Exercise input: Begin
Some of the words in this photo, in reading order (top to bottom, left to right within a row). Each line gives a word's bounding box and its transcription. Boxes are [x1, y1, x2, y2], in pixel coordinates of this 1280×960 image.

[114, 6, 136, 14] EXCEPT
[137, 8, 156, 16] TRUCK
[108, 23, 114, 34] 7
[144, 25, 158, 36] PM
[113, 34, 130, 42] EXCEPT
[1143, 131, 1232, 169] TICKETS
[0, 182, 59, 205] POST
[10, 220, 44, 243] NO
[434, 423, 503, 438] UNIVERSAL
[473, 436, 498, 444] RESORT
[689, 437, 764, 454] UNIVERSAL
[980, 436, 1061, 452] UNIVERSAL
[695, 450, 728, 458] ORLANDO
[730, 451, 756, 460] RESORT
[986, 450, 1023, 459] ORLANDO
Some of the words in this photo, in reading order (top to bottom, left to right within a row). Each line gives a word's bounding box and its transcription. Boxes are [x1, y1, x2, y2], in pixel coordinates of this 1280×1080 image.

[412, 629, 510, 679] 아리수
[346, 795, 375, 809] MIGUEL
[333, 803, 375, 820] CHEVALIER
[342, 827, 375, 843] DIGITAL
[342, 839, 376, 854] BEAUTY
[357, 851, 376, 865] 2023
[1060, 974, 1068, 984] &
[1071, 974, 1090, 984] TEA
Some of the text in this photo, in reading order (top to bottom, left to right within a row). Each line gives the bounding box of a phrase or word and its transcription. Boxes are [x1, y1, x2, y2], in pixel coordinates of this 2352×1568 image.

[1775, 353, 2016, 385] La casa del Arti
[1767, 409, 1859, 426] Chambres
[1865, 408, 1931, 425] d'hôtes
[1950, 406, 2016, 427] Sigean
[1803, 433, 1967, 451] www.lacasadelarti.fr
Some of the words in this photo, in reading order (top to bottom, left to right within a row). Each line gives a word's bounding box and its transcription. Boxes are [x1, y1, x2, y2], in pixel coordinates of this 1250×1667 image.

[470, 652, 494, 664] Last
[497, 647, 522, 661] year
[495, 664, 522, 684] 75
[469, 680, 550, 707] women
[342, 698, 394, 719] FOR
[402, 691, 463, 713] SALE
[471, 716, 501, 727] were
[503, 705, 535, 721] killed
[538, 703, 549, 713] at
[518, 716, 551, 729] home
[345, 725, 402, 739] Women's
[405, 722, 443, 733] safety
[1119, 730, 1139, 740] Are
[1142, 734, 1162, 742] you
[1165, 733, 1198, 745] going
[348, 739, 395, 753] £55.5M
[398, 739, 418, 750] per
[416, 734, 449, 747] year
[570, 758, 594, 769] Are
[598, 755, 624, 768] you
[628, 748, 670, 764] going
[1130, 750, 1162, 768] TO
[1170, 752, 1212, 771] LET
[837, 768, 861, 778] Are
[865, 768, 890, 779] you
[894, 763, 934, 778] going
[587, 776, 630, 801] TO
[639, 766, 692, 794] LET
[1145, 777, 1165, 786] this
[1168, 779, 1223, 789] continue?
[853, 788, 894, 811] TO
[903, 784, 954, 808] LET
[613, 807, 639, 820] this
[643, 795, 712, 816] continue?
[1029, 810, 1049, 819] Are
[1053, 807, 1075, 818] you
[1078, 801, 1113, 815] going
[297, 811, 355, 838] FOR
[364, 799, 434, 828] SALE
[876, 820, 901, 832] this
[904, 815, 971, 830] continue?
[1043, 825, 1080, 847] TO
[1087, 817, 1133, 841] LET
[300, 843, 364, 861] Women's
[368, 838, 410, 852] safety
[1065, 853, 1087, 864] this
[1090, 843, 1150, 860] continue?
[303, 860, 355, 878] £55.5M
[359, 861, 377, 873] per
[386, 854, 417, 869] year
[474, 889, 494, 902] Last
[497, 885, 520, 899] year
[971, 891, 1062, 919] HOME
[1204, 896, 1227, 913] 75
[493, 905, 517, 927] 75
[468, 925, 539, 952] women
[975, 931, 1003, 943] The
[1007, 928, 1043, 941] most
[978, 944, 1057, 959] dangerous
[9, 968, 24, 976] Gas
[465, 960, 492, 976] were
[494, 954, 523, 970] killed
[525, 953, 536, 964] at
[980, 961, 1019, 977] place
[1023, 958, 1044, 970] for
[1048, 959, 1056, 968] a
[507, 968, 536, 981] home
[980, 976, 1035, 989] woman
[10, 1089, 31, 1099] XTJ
Exercise input: End
| Action item |
Quote the data above in full, changing nothing.

| Exercise solution |
Some of the words in this photo, in reading order (top to bottom, left to right within a row). Each line gives a word's bounding box and its transcription. Boxes are [x1, y1, x2, y2], in pixel coordinates of this 1280×960 image.

[114, 6, 136, 14] EXCEPT
[137, 8, 156, 16] TRUCK
[108, 23, 114, 34] 7
[144, 25, 158, 36] PM
[113, 34, 130, 42] EXCEPT
[1143, 131, 1232, 169] TICKETS
[0, 182, 59, 205] POST
[10, 220, 44, 243] NO
[434, 423, 503, 438] UNIVERSAL
[473, 436, 498, 444] RESORT
[689, 437, 764, 454] UNIVERSAL
[980, 436, 1061, 452] UNIVERSAL
[695, 450, 728, 458] ORLANDO
[730, 451, 756, 460] RESORT
[986, 450, 1023, 459] ORLANDO
Some of the words in this photo, in reading order (top to bottom, left to right within a row). Each line gives a word's bounding box and its transcription. Boxes are [x1, y1, x2, y2], in pixel coordinates of this 1280×1080 image.

[412, 629, 510, 679] 아리수
[346, 795, 375, 809] MIGUEL
[333, 803, 375, 820] CHEVALIER
[342, 827, 375, 843] DIGITAL
[342, 839, 376, 854] BEAUTY
[357, 851, 376, 865] 2023
[1060, 974, 1068, 984] &
[1071, 974, 1090, 984] TEA
Some of the text in this photo, in reading order (top to bottom, left to right within a row). Each line gives the bounding box of a phrase or word and its transcription. Boxes are [x1, y1, x2, y2], in pixel coordinates of this 2352×1568 image.

[1775, 353, 2016, 385] La casa del Arti
[1767, 409, 1859, 426] Chambres
[1865, 408, 1931, 425] d'hôtes
[1950, 406, 2016, 427] Sigean
[1803, 433, 1967, 451] www.lacasadelarti.fr
Some of the words in this photo, in reading order (top to bottom, left to right within a row). Each line gives a word's bounding box and its transcription. Boxes are [x1, y1, x2, y2], in pixel coordinates of this 1250×1667 image.

[470, 652, 494, 664] Last
[497, 647, 522, 661] year
[495, 664, 522, 684] 75
[469, 680, 550, 707] women
[342, 698, 394, 719] FOR
[402, 691, 463, 713] SALE
[471, 716, 501, 727] were
[503, 705, 535, 721] killed
[538, 703, 549, 713] at
[518, 716, 551, 729] home
[345, 725, 402, 739] Women's
[405, 722, 443, 733] safety
[1119, 730, 1139, 740] Are
[1142, 734, 1162, 742] you
[1165, 733, 1198, 745] going
[348, 739, 395, 753] £55.5M
[398, 739, 418, 750] per
[416, 734, 449, 747] year
[570, 758, 594, 769] Are
[598, 755, 624, 768] you
[628, 748, 670, 764] going
[1130, 750, 1162, 768] TO
[1170, 752, 1212, 771] LET
[837, 768, 861, 778] Are
[865, 768, 890, 779] you
[894, 763, 934, 778] going
[587, 776, 630, 801] TO
[639, 766, 692, 794] LET
[1145, 777, 1165, 786] this
[1168, 779, 1223, 789] continue?
[853, 788, 894, 811] TO
[903, 784, 954, 808] LET
[613, 807, 639, 820] this
[643, 795, 712, 816] continue?
[1029, 810, 1049, 819] Are
[1053, 807, 1075, 818] you
[1078, 801, 1113, 815] going
[297, 811, 355, 838] FOR
[364, 799, 434, 828] SALE
[876, 820, 901, 832] this
[904, 815, 971, 830] continue?
[1043, 825, 1080, 847] TO
[1087, 817, 1133, 841] LET
[300, 843, 364, 861] Women's
[368, 838, 410, 852] safety
[1065, 853, 1087, 864] this
[1090, 843, 1150, 860] continue?
[303, 860, 355, 878] £55.5M
[359, 861, 377, 873] per
[386, 854, 417, 869] year
[474, 889, 494, 902] Last
[497, 885, 520, 899] year
[971, 891, 1062, 919] HOME
[1204, 896, 1227, 913] 75
[493, 905, 517, 927] 75
[468, 925, 539, 952] women
[975, 931, 1003, 943] The
[1007, 928, 1043, 941] most
[978, 944, 1057, 959] dangerous
[9, 968, 24, 976] Gas
[465, 960, 492, 976] were
[494, 954, 523, 970] killed
[525, 953, 536, 964] at
[980, 961, 1019, 977] place
[1023, 958, 1044, 970] for
[1048, 959, 1056, 968] a
[507, 968, 536, 981] home
[980, 976, 1035, 989] woman
[10, 1089, 31, 1099] XTJ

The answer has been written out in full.